Task statement: Print the listing below exactly, images excluded.

Dataset:
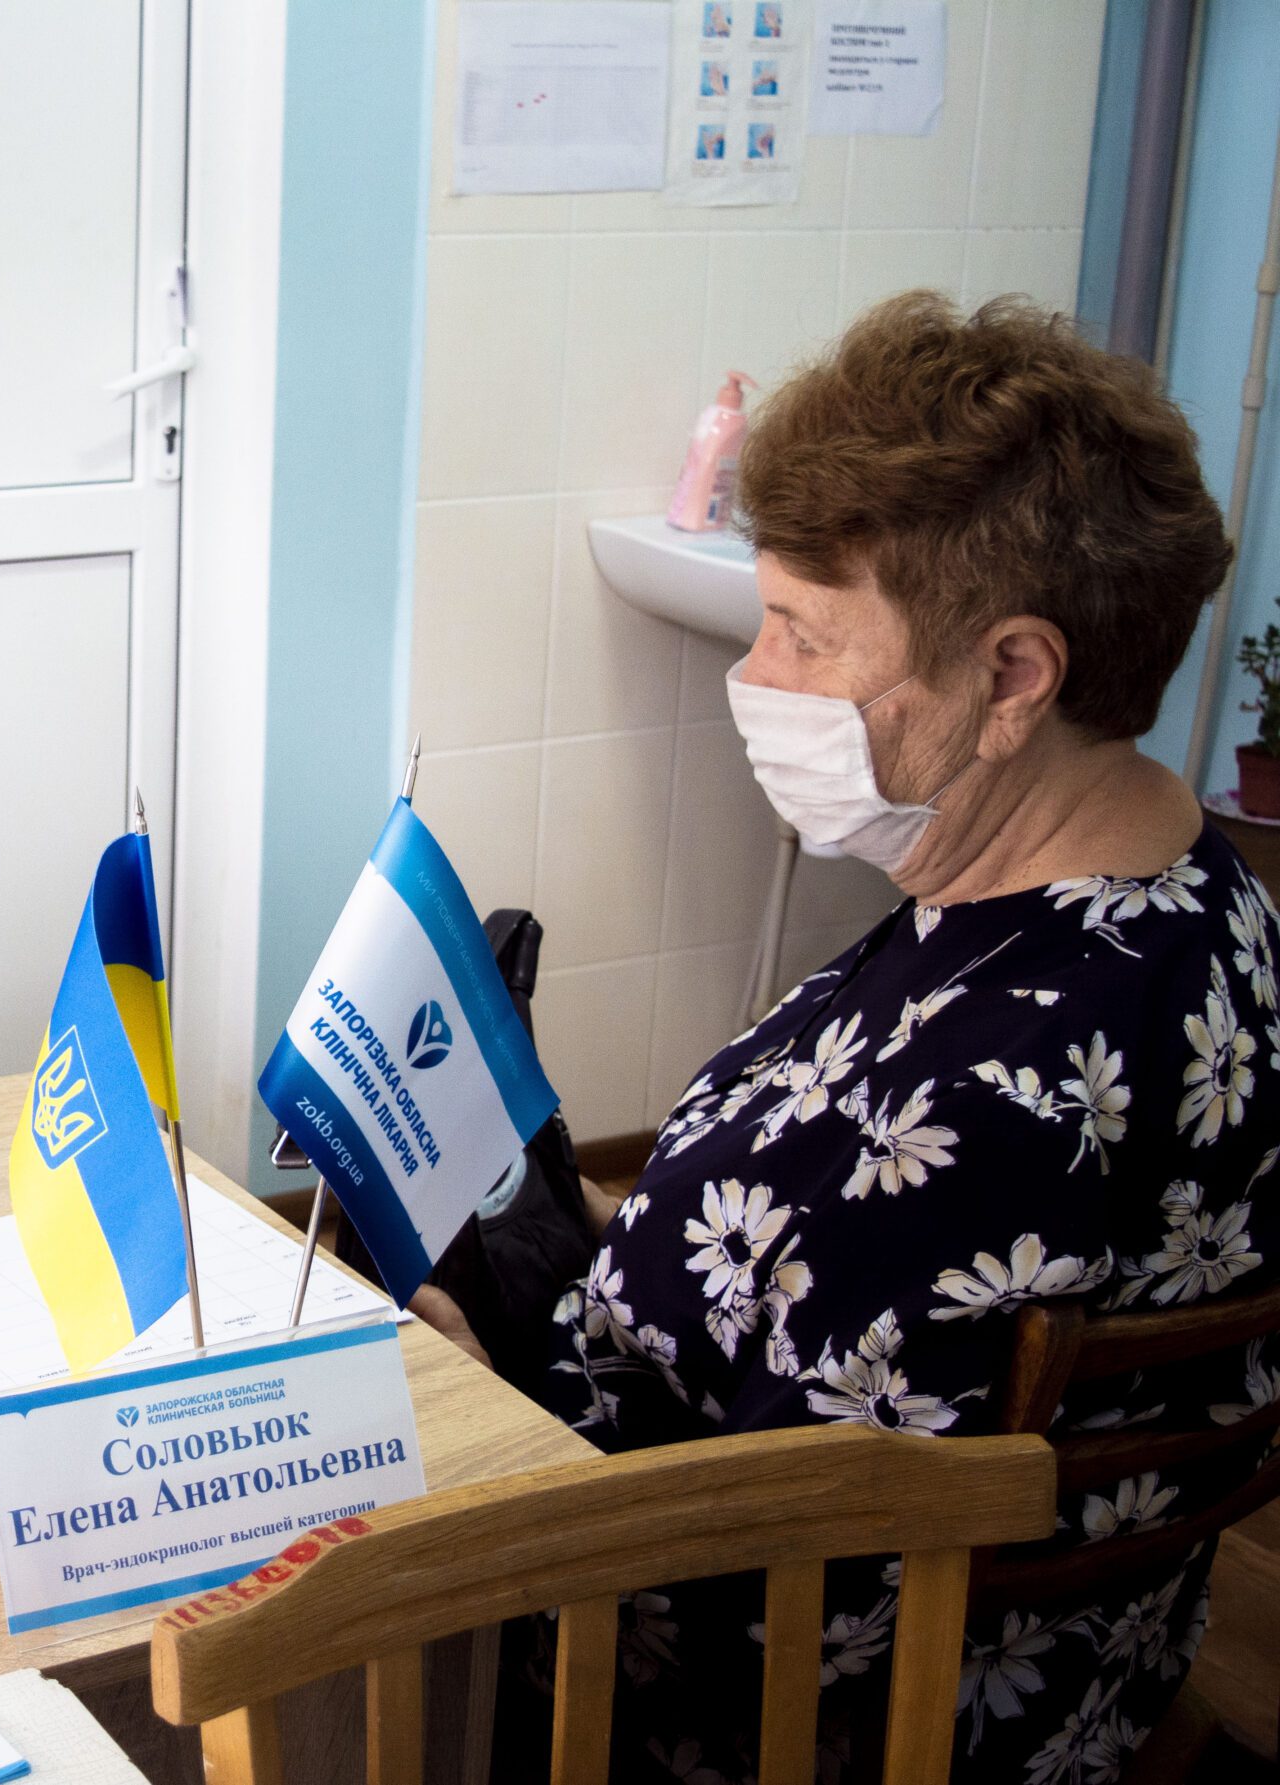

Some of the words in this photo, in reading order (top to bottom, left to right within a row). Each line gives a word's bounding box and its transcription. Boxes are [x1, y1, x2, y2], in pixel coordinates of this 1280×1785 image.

[308, 1016, 383, 1108] КЛІНІЧНА
[372, 1103, 421, 1177] ЛІКАРНЯ
[315, 977, 405, 1094] ЗАПОРІЗЬКА
[391, 1086, 445, 1169] ОБЛАСНА
[294, 1093, 369, 1187] zokb.org.ua
[144, 1389, 222, 1414] ЗАПОРОЖСКАЯ
[224, 1377, 284, 1398] ОБЛАСТНАЯ
[147, 1400, 224, 1425] КЛИНИЧЕСКАЯ
[228, 1388, 285, 1409] БОЛЬНИЦА
[98, 1408, 314, 1481] Соловьюк
[5, 1493, 140, 1547] Елена
[145, 1434, 408, 1518] Анатольевна
[60, 1531, 228, 1584] Врач-эндокринолог
[229, 1514, 295, 1544] высшей
[295, 1497, 377, 1528] категории
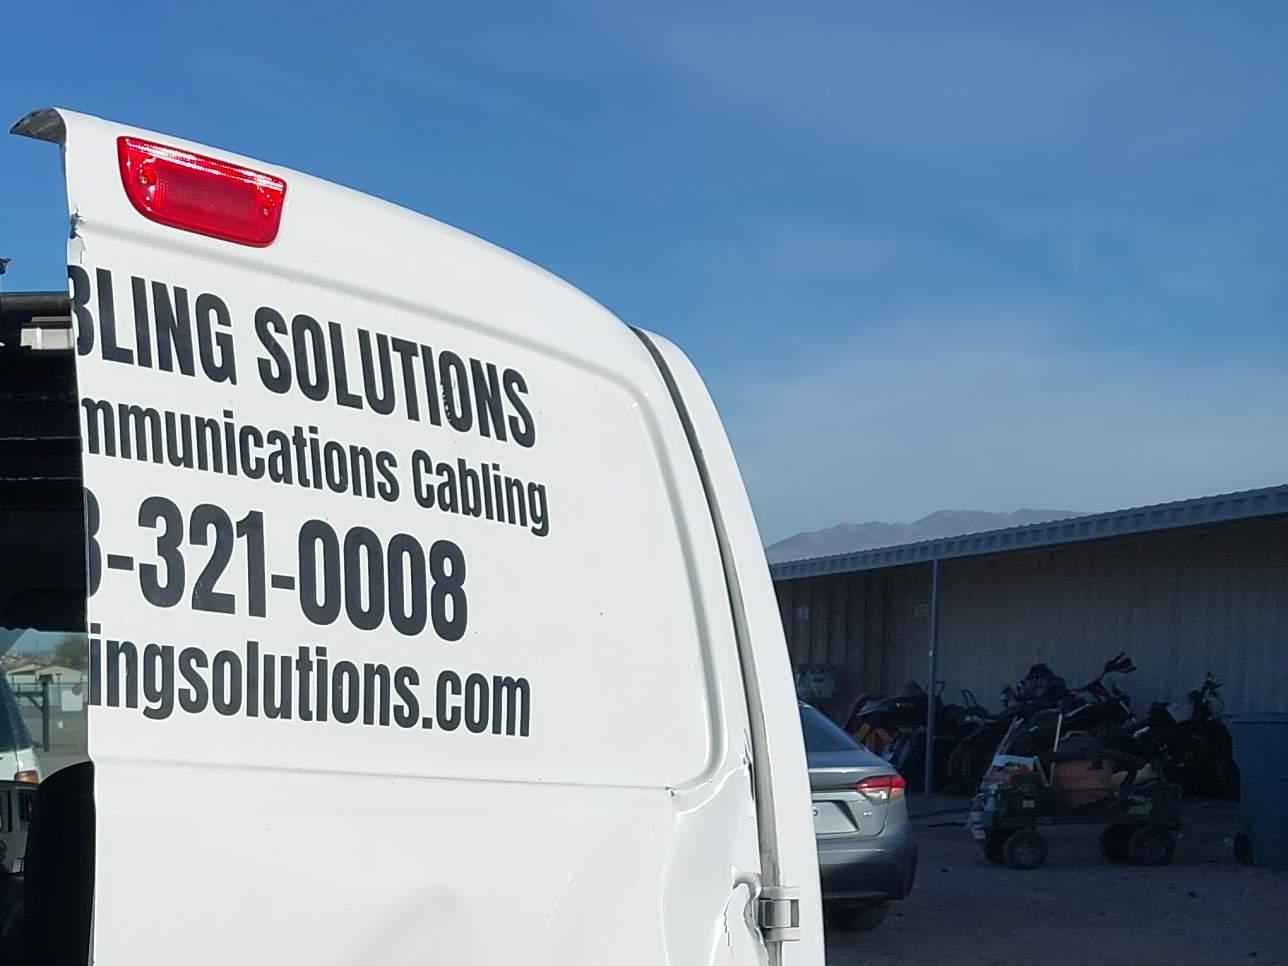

Your solution:
Some of the words in this photo, in reading order (top to bottom, left to right within a row). Each line gives a word's bounding box and its transcription. Boxes are [x1, y1, x2, y2], in pixel coordinates of this 1280×1785 image.

[308, 1016, 383, 1108] КЛІНІЧНА
[372, 1103, 421, 1177] ЛІКАРНЯ
[315, 977, 405, 1094] ЗАПОРІЗЬКА
[391, 1086, 445, 1169] ОБЛАСНА
[294, 1093, 369, 1187] zokb.org.ua
[144, 1389, 222, 1414] ЗАПОРОЖСКАЯ
[224, 1377, 284, 1398] ОБЛАСТНАЯ
[147, 1400, 224, 1425] КЛИНИЧЕСКАЯ
[228, 1388, 285, 1409] БОЛЬНИЦА
[98, 1408, 314, 1481] Соловьюк
[5, 1493, 140, 1547] Елена
[145, 1434, 408, 1518] Анатольевна
[60, 1531, 228, 1584] Врач-эндокринолог
[229, 1514, 295, 1544] высшей
[295, 1497, 377, 1528] категории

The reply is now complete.